В 1943 году мне было присвоено звание капитана, что явилось признанием заслуг нашего еще не оперившегося управления. Отец был, безусловно, рад, а вот я сожалел, что не мог рассказать родителям о ликовании, охватившем нас, когда мы раскрыли код, используемый командирами германских подводных лодок. До сего дня для меня так и остается загадкой, почему они еще долго продолжали использовать этот ключ после того, как он был раскрыт. С этой мечтой каждого математика мы в конце концов разделались на обороте меню в «Лиона Корнер Хаус» рядом с Пикадилли. Официантка, обслуживавшая наш столик, назвала меня за это вандалом. Я помню, что рассмеялся и решил взять до конца дня отгул, чтобы показаться маме в своей капитанской форме. Мне казалось, что выглядел я в ней шикарно, но, когда она открыла мне входную дверь, я был поражен ее реакцией. Она смотрела на меня так, как будто видела перед собой привидение. Хотя она быстро пришла в себя, эта ее первая реакция, когда она увидела меня в форме, стала еще одним свидетельством существования сложной загадки, которая никогда не выходила у меня из головы.

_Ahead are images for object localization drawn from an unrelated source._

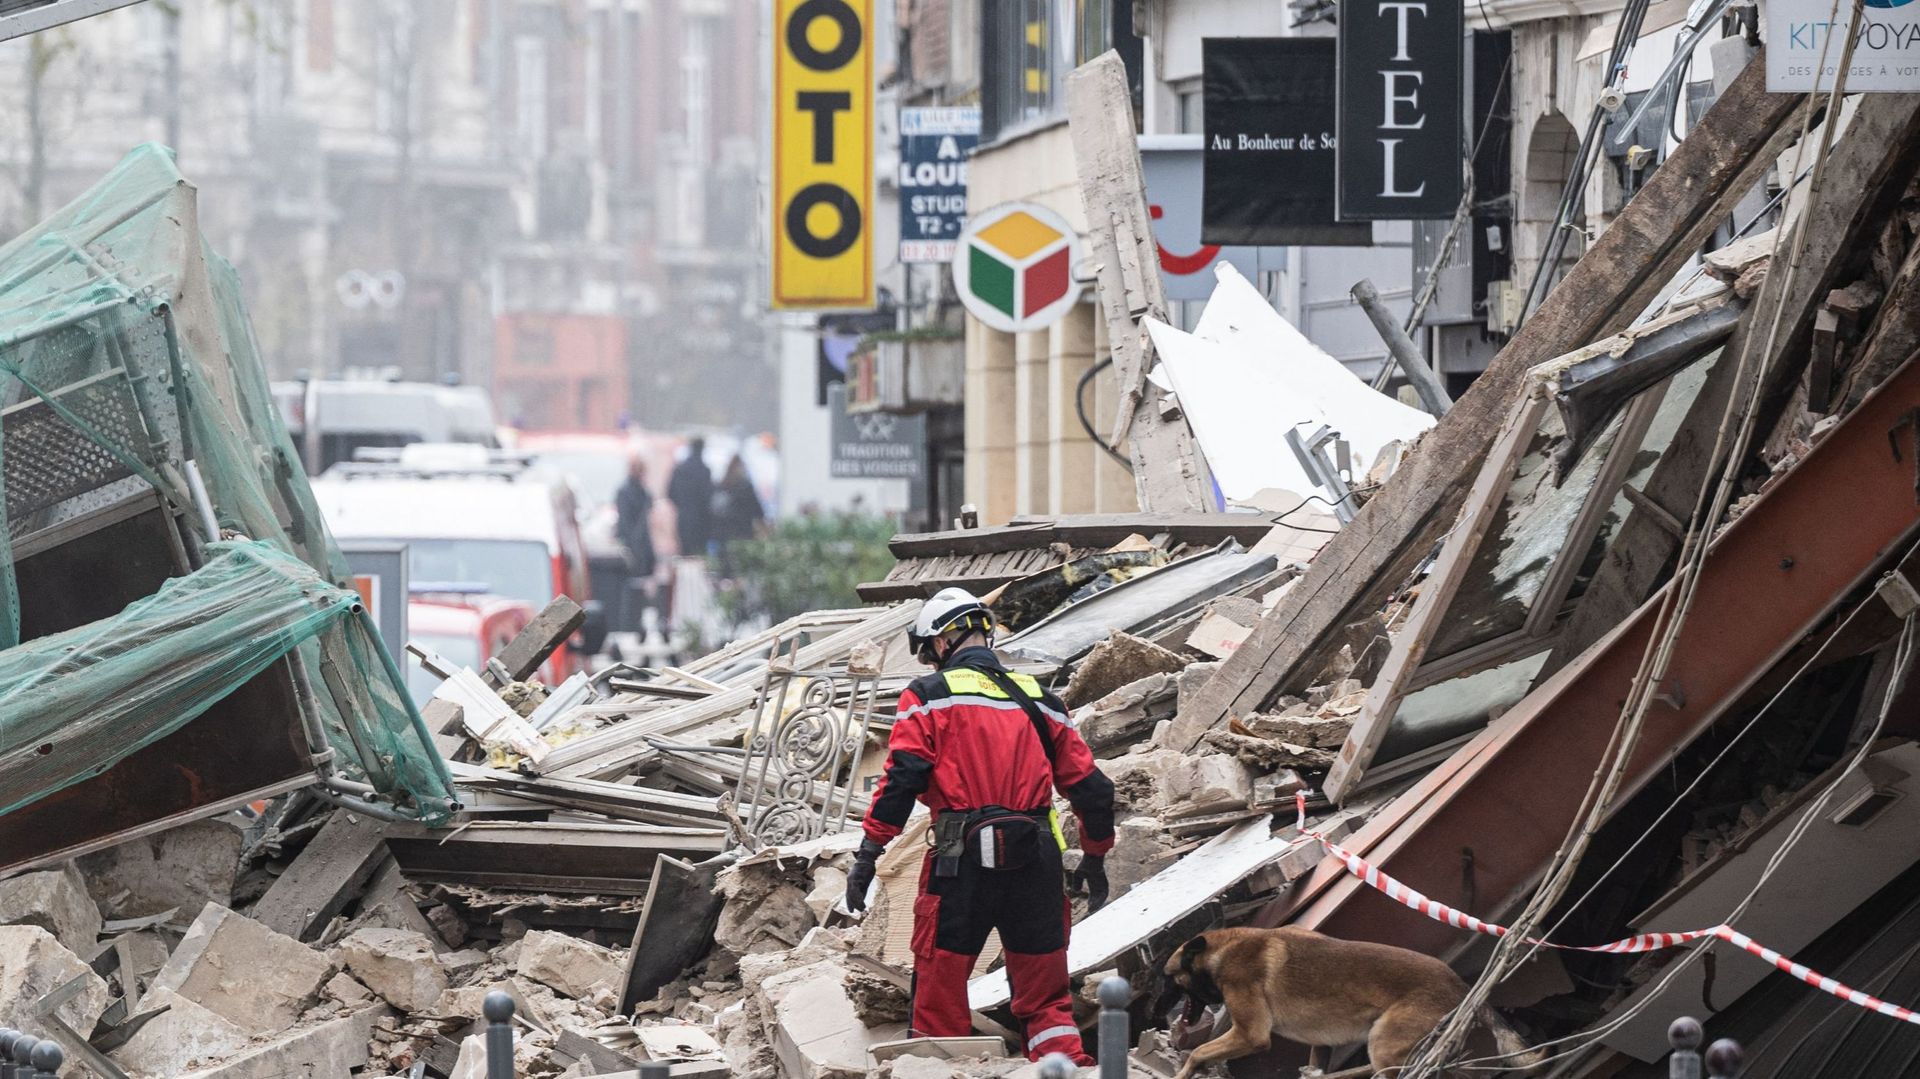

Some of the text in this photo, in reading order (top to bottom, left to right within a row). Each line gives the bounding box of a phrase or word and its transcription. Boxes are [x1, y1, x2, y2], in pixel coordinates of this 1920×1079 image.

[1790, 23, 1837, 50] KIT
[1788, 66, 1812, 76] DES
[1378, 3, 1428, 198] TEL
[786, 0, 863, 259] OTO
[1211, 133, 1232, 150] Au
[1237, 132, 1295, 150] Bonheur
[1299, 132, 1316, 150] de
[937, 135, 959, 160] A
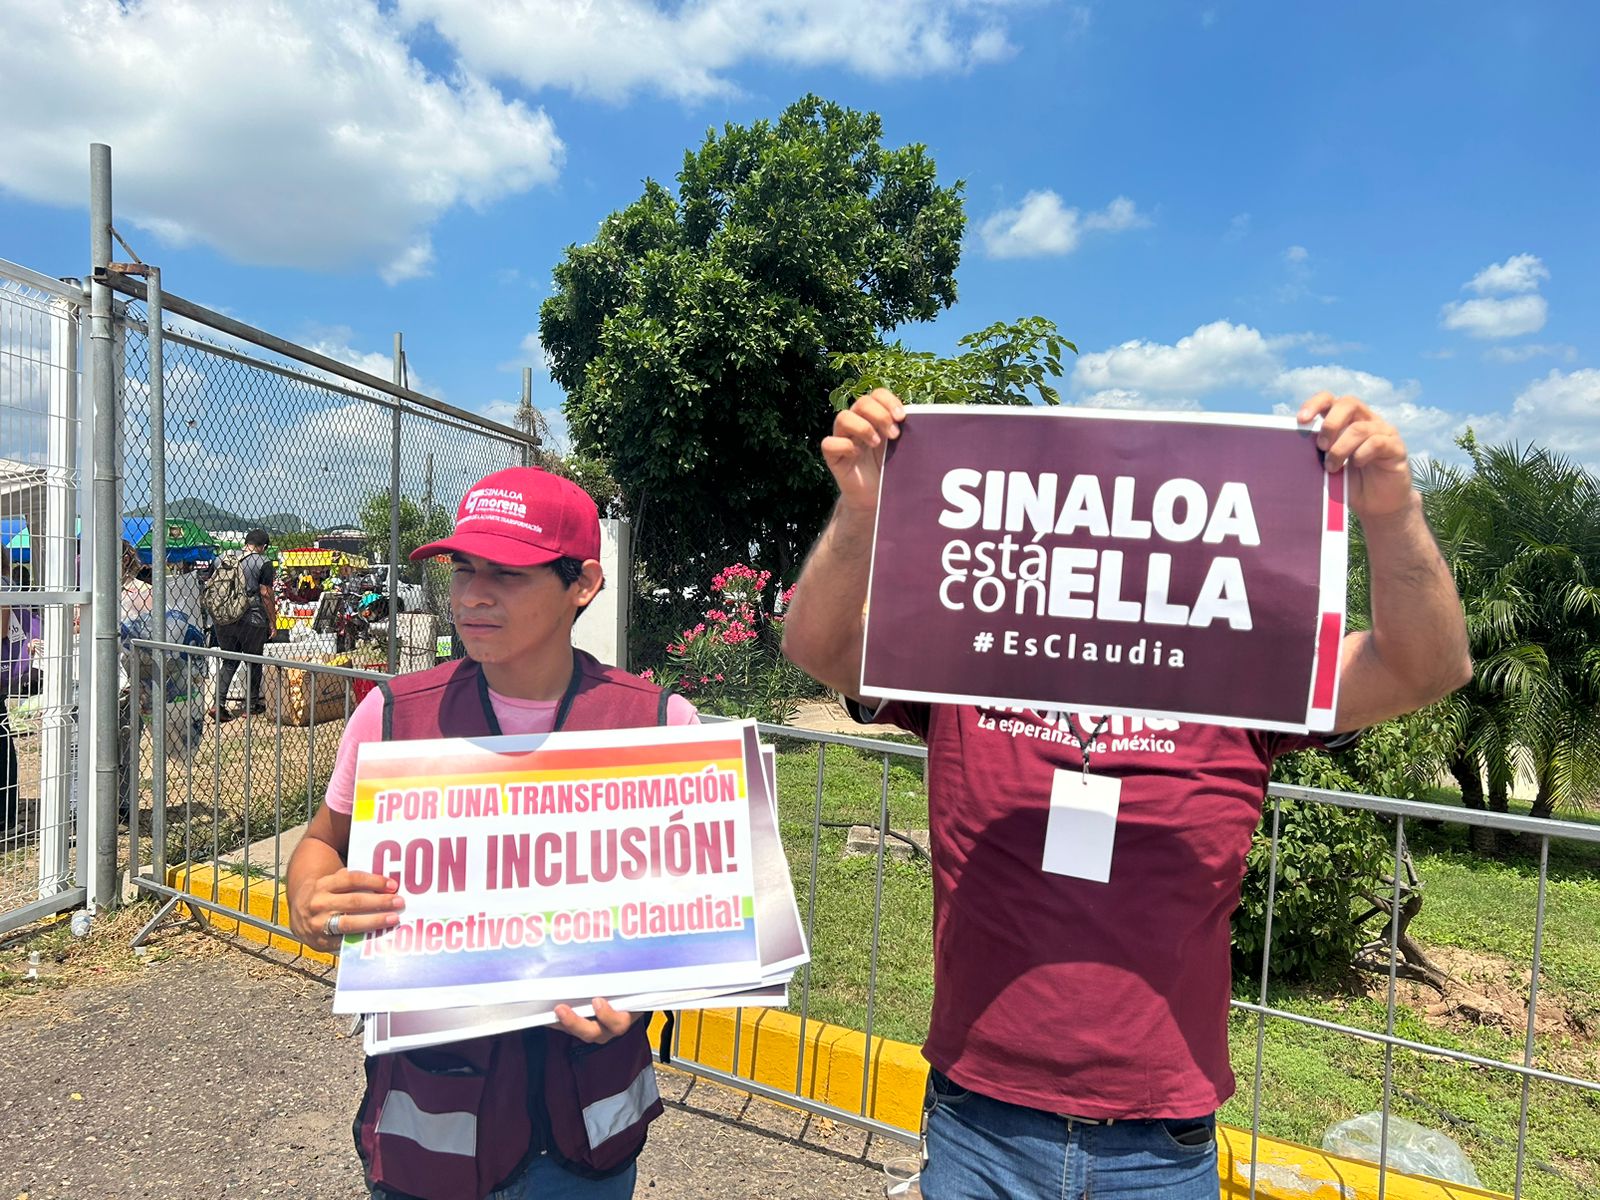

Еще один намек содержался в последней строке некролога, которому я не придавал значения, пока не обнаружил, что некая миссис Трентам становится наследницей состояния. Само по себе это было небольшое открытие, но, перечитав сообщение, я усвоил, что она являлась дочерью человека по имени сэр Раймонд Хардкасл, а это имя позволяло мне восполнить некоторые пробелы в моих знаниях. Но что удивило меня, так это отсутствовавшее упоминание о Гае Трентаме среди оставшихся родственников.

Иногда я сожалел о том, что имел от рождения склонность к разгадыванию кодов и постижению математических формул. Но каким-то образом слова «бастард», «Трентам», «больница», «капитан Гай», «квартиры», «сэр Раймонд», «это отродье Найджел», «похороны» и бледность матери при виде меня в форме капитана приобретали в моей голове некую линейную зависимость. Однако я понимал, что для правильного решения мне понадобятся дополнительные сведения.

И тогда я неожиданно понял, о ком шла речь, когда маркиза приезжала на чай много лет назад и сообщила матери о том, что была на похоронах Гая. Это, вероятно, были похороны капитана Трентама. Но почему они имели такое значение?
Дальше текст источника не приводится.